When you come to the line with "this 1666×1667 image.", begin repeating; continue exactly through the final line of the records and include nothing from before.

Records from a data source:
=-=-=-=-=
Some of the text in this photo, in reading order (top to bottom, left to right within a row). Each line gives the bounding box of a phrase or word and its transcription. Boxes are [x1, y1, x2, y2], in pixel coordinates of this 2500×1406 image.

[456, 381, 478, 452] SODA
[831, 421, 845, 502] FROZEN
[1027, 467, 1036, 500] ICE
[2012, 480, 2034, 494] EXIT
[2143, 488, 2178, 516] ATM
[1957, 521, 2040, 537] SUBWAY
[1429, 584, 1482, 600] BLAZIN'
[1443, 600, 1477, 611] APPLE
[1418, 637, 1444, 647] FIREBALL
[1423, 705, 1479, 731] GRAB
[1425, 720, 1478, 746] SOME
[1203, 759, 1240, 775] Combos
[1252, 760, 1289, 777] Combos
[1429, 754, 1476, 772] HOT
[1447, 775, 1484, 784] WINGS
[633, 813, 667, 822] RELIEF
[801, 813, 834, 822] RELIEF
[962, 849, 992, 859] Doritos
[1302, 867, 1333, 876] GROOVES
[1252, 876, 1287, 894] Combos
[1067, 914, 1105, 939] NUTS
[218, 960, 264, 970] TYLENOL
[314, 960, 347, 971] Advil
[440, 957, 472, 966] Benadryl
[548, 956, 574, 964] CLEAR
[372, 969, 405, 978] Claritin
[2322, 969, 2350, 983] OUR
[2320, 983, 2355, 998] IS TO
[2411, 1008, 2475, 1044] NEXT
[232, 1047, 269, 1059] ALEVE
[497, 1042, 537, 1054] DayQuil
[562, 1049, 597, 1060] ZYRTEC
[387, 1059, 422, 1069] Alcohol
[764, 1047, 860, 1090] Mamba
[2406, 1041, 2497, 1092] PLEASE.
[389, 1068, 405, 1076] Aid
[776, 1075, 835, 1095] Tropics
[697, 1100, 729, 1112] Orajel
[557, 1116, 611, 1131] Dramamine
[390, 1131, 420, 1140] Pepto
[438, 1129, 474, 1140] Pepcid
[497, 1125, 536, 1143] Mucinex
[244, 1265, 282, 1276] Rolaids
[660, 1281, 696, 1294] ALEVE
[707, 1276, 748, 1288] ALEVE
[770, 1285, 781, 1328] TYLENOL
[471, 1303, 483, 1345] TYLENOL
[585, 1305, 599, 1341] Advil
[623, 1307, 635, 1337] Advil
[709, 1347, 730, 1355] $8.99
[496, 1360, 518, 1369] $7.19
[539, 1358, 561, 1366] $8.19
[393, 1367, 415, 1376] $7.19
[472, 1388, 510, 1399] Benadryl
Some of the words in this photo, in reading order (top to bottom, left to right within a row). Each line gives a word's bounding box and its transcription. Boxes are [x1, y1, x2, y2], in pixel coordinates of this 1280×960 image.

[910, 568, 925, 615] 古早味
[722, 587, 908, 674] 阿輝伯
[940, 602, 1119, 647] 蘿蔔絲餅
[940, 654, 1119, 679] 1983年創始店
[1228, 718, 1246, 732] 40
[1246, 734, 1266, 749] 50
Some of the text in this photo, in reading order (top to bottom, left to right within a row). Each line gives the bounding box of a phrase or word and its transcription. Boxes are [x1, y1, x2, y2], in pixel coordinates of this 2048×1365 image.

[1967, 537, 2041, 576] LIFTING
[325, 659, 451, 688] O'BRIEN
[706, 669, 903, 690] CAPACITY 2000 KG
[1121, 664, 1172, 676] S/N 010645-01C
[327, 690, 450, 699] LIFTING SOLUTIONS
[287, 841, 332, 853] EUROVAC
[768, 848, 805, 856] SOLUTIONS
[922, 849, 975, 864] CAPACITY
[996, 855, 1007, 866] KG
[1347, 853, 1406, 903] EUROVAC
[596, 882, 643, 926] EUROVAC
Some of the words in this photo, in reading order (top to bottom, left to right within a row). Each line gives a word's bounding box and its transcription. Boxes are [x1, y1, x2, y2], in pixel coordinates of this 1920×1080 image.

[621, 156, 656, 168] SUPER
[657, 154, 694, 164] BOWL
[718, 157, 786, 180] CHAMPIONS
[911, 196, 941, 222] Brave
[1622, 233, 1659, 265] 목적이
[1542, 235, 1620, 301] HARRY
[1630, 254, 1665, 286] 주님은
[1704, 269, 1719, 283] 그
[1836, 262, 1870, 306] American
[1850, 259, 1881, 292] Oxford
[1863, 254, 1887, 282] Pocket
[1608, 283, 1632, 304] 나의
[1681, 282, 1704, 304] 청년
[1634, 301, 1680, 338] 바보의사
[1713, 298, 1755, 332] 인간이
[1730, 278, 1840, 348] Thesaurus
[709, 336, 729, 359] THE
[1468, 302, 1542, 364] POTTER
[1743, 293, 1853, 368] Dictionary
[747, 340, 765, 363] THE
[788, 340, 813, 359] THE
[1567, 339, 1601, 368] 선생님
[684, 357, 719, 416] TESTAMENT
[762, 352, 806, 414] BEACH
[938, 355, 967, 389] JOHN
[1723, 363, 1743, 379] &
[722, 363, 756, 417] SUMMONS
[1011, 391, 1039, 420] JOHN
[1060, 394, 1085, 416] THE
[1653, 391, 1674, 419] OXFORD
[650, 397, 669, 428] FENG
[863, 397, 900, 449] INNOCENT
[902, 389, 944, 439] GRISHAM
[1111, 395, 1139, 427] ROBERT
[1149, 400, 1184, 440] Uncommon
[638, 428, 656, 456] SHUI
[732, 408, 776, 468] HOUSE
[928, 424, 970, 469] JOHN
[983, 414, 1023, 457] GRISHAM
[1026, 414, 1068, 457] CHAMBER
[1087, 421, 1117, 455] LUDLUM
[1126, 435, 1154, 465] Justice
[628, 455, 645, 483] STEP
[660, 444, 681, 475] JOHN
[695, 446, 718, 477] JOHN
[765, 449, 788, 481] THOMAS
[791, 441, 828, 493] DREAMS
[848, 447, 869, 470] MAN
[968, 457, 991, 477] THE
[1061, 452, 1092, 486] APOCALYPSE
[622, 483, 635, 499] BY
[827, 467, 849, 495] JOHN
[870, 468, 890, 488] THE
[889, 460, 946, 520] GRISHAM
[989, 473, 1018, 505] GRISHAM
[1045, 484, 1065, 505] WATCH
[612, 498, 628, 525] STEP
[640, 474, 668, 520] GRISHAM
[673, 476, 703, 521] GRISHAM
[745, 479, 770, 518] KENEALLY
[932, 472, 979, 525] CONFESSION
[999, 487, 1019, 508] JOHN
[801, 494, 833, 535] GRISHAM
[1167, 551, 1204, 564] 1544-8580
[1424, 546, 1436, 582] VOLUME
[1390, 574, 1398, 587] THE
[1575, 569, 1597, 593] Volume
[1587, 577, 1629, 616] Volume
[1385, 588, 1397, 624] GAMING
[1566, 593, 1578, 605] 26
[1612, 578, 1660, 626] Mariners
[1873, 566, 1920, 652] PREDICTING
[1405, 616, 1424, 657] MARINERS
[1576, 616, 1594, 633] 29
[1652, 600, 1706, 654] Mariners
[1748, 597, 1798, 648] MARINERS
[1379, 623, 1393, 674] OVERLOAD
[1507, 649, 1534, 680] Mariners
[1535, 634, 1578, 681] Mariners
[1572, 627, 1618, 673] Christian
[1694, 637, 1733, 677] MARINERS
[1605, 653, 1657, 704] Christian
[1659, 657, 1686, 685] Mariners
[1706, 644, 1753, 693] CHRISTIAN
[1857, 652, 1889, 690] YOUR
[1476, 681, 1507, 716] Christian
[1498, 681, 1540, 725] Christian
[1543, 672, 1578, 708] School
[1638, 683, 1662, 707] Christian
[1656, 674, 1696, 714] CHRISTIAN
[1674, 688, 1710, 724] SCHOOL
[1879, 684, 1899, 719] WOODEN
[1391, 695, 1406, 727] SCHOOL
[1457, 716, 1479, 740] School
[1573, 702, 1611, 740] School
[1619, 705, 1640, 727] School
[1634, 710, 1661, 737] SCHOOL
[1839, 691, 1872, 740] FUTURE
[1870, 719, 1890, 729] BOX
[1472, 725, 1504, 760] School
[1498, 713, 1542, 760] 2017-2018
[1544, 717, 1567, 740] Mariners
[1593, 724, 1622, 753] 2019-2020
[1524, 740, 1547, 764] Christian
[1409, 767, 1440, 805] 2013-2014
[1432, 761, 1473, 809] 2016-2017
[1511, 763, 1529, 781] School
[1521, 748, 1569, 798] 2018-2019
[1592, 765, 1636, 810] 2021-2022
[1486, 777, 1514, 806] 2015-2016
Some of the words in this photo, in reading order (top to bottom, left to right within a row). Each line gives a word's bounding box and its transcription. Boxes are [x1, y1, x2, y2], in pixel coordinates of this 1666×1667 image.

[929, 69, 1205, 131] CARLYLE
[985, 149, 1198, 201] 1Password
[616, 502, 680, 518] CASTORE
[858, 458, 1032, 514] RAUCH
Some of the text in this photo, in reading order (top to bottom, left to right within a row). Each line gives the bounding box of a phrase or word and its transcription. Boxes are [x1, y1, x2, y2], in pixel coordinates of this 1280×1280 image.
=-=-=-=-=
▶ [Result]:
Some of the words in this photo, in reading order (top to bottom, left to right within a row). Each line gives a word's bounding box and its transcription. Boxes are [x1, y1, x2, y2], in pixel coordinates of this 1666×1667 image.

[929, 69, 1205, 131] CARLYLE
[985, 149, 1198, 201] 1Password
[616, 502, 680, 518] CASTORE
[858, 458, 1032, 514] RAUCH
Some of the text in this photo, in reading order (top to bottom, left to right within a row). Each line gives the bounding box of a phrase or word and its transcription. Boxes are [x1, y1, x2, y2], in pixel coordinates of this 1280×1280 image.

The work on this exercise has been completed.